WORK ORDER: Please return every record exactly as written, leaving out the pictures.

DATASET EXCERPTS:
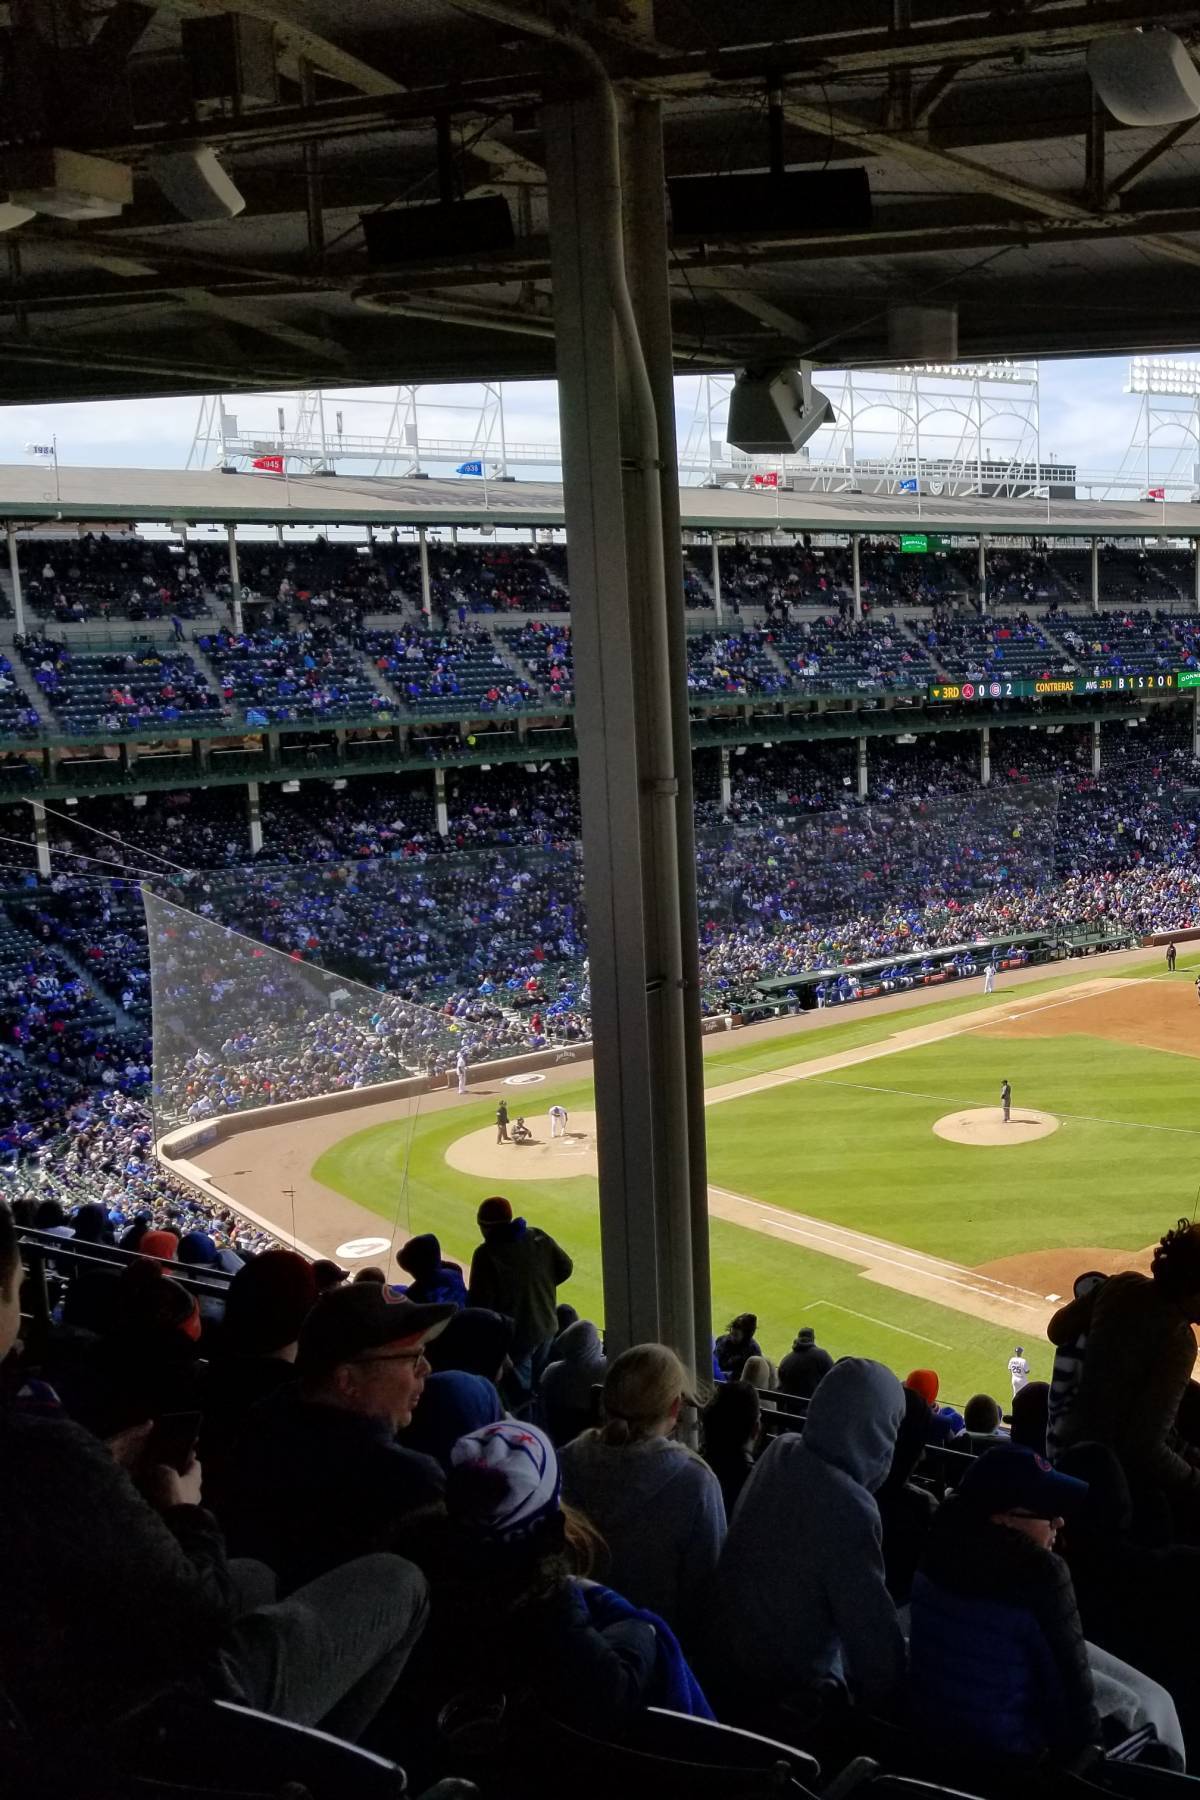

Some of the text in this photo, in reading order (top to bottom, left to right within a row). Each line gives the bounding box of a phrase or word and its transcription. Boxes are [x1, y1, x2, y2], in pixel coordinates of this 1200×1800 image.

[1035, 681, 1074, 692] CONTRERAS
[1085, 681, 1097, 689] AVG
[1118, 678, 1125, 688] B
[1129, 677, 1134, 688] 1
[1138, 676, 1144, 687] S
[1147, 676, 1153, 687] 2
[1166, 675, 1172, 686] 0
[943, 687, 959, 698] 3RD
[978, 685, 985, 697] 0
[1006, 683, 1012, 695] 2
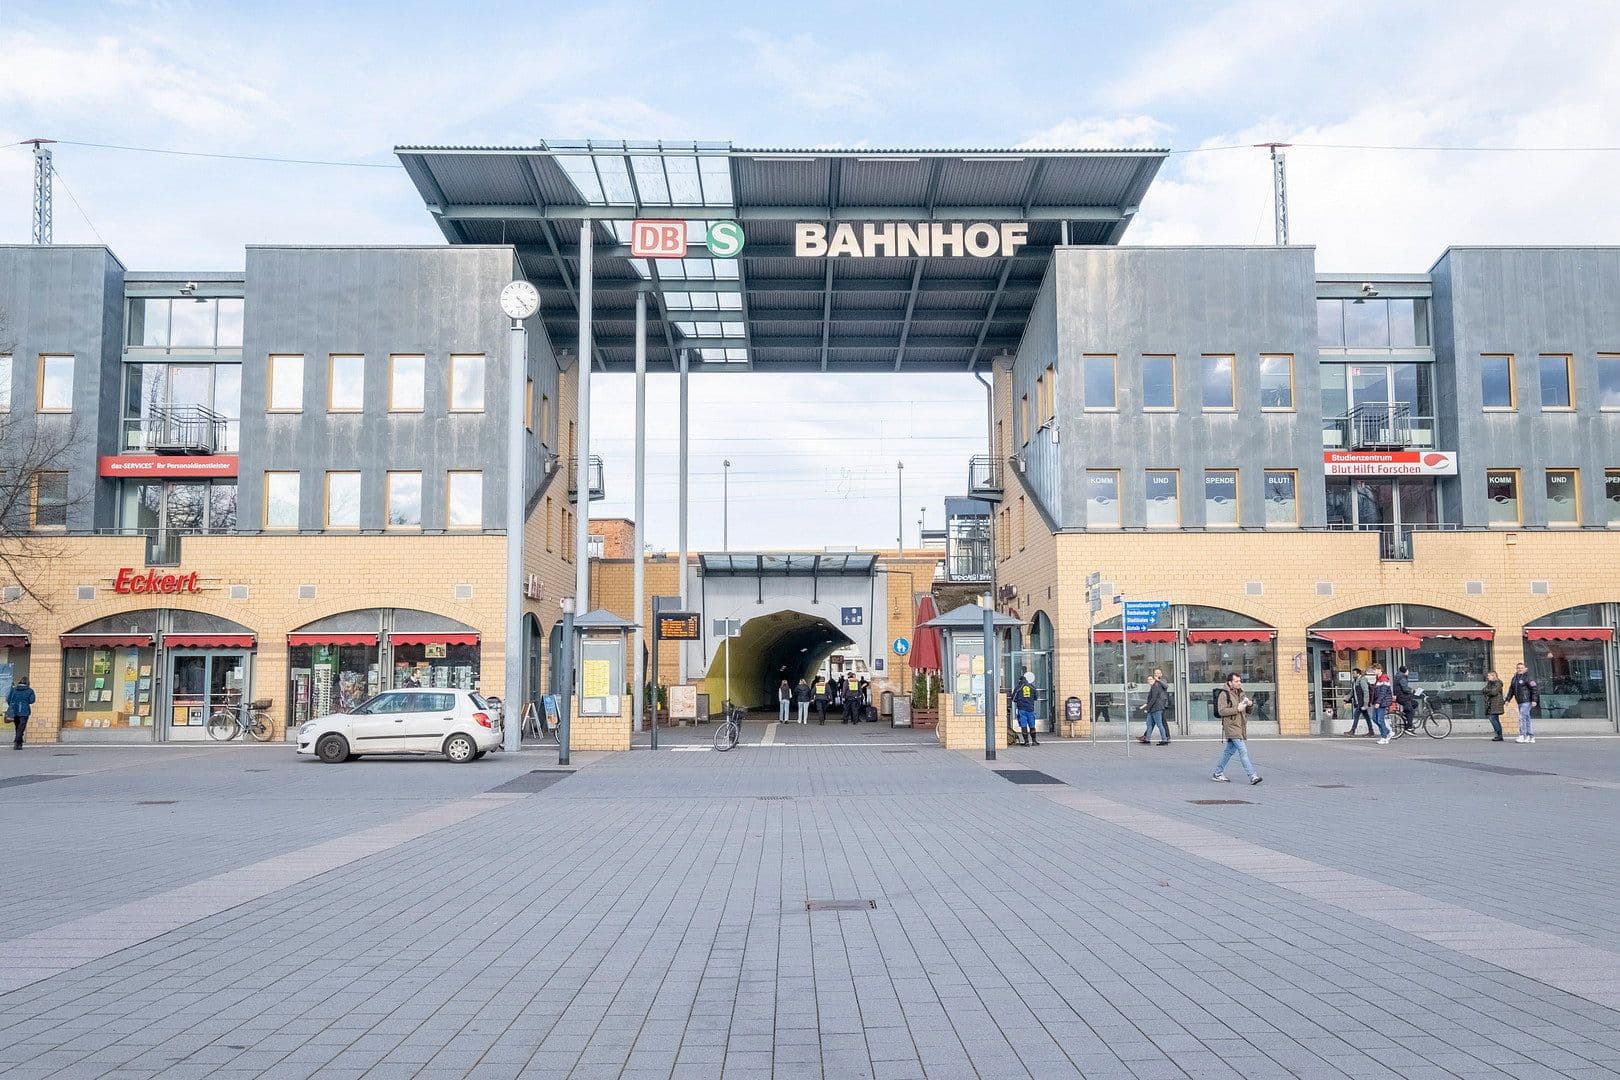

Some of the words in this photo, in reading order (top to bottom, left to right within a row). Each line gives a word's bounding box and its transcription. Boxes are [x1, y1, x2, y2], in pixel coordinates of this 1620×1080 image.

[640, 226, 680, 251] DB
[711, 223, 739, 255] S
[795, 222, 1029, 258] BAHNHOF
[1331, 454, 1393, 462] Studienzentrum
[1331, 464, 1351, 474] Blut
[1353, 464, 1375, 474] Hilft
[1377, 464, 1421, 474] Forschen
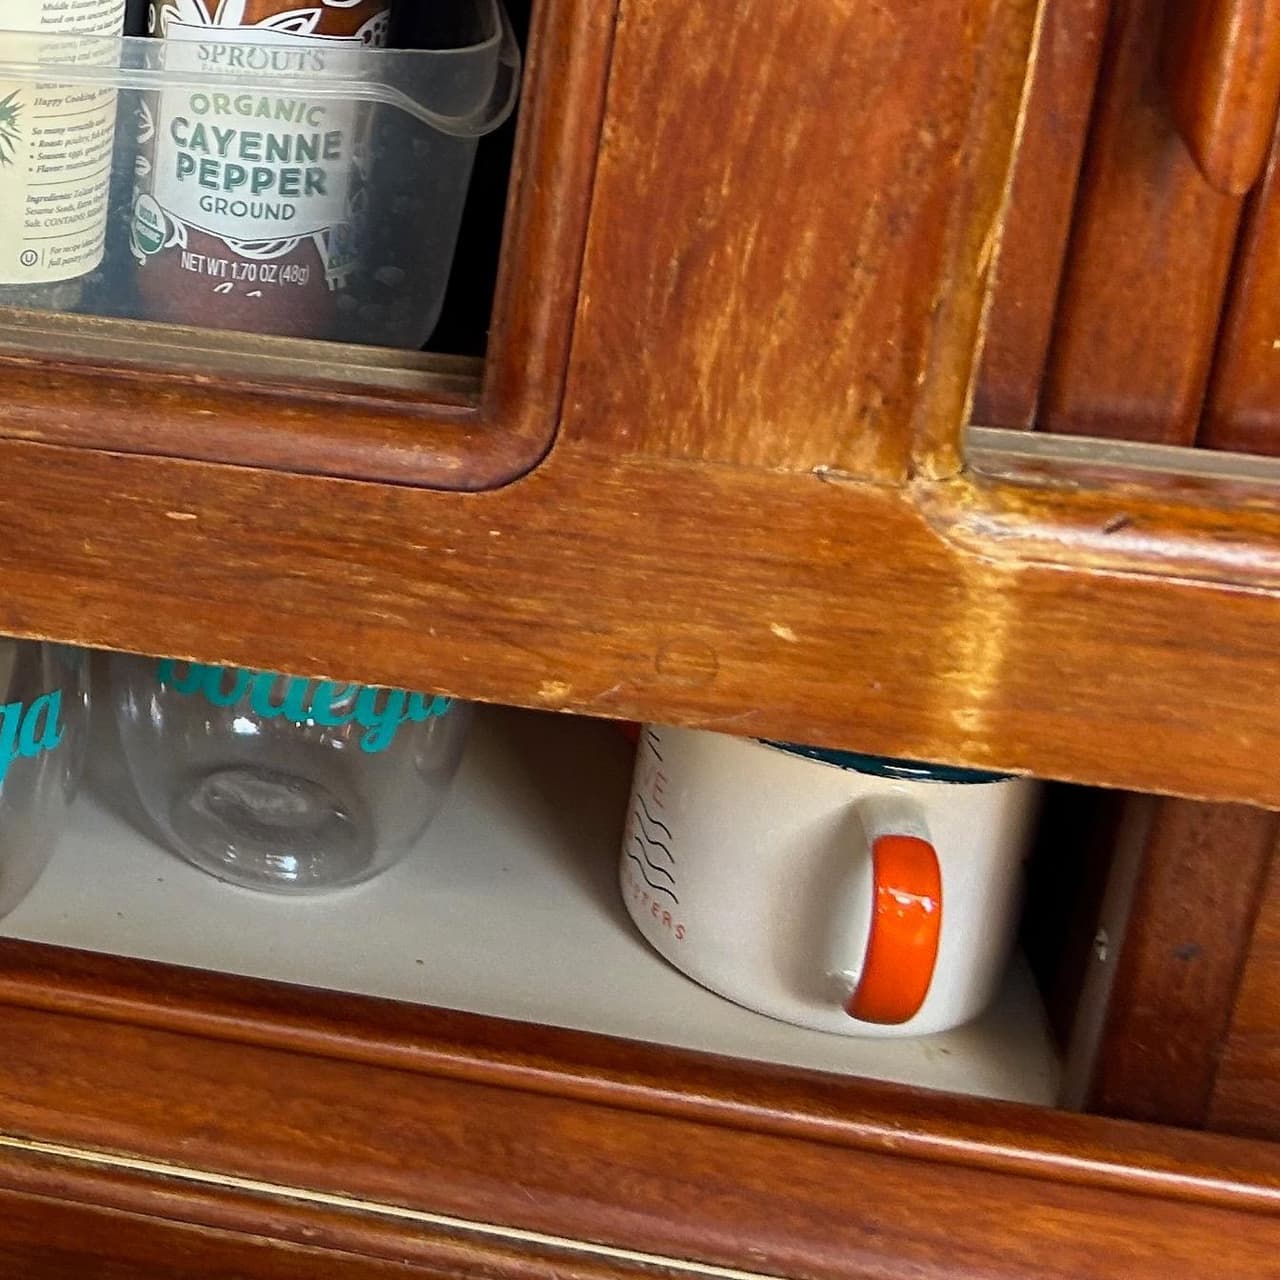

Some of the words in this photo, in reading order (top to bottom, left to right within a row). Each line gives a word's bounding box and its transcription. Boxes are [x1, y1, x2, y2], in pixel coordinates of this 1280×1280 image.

SOLUTION TO THE EXERCISE:
Some of the text in this photo, in reading order (top to bottom, left to right within a row). Each line gives the bounding box of a phrase or word and its transcription. Boxes are [x1, y1, x2, y2], in pixel coordinates of this 1200×1800 image.

[1035, 681, 1074, 692] CONTRERAS
[1085, 681, 1097, 689] AVG
[1118, 678, 1125, 688] B
[1129, 677, 1134, 688] 1
[1138, 676, 1144, 687] S
[1147, 676, 1153, 687] 2
[1166, 675, 1172, 686] 0
[943, 687, 959, 698] 3RD
[978, 685, 985, 697] 0
[1006, 683, 1012, 695] 2

Some of the words in this photo, in reading order (top to bottom, left to right within a row). Each line gives a word's bounding box and its transcription. Boxes are [x1, y1, x2, y2], in pixel coordinates of this 1620×1080 image.

[640, 226, 680, 251] DB
[711, 223, 739, 255] S
[795, 222, 1029, 258] BAHNHOF
[1331, 454, 1393, 462] Studienzentrum
[1331, 464, 1351, 474] Blut
[1353, 464, 1375, 474] Hilft
[1377, 464, 1421, 474] Forschen

Some of the words in this photo, in reading order (top to bottom, left to right within a row). Each line gives a word's bounding box and its transcription. Boxes are [x1, y1, x2, y2], in pixel coordinates of this 1280×1280 image.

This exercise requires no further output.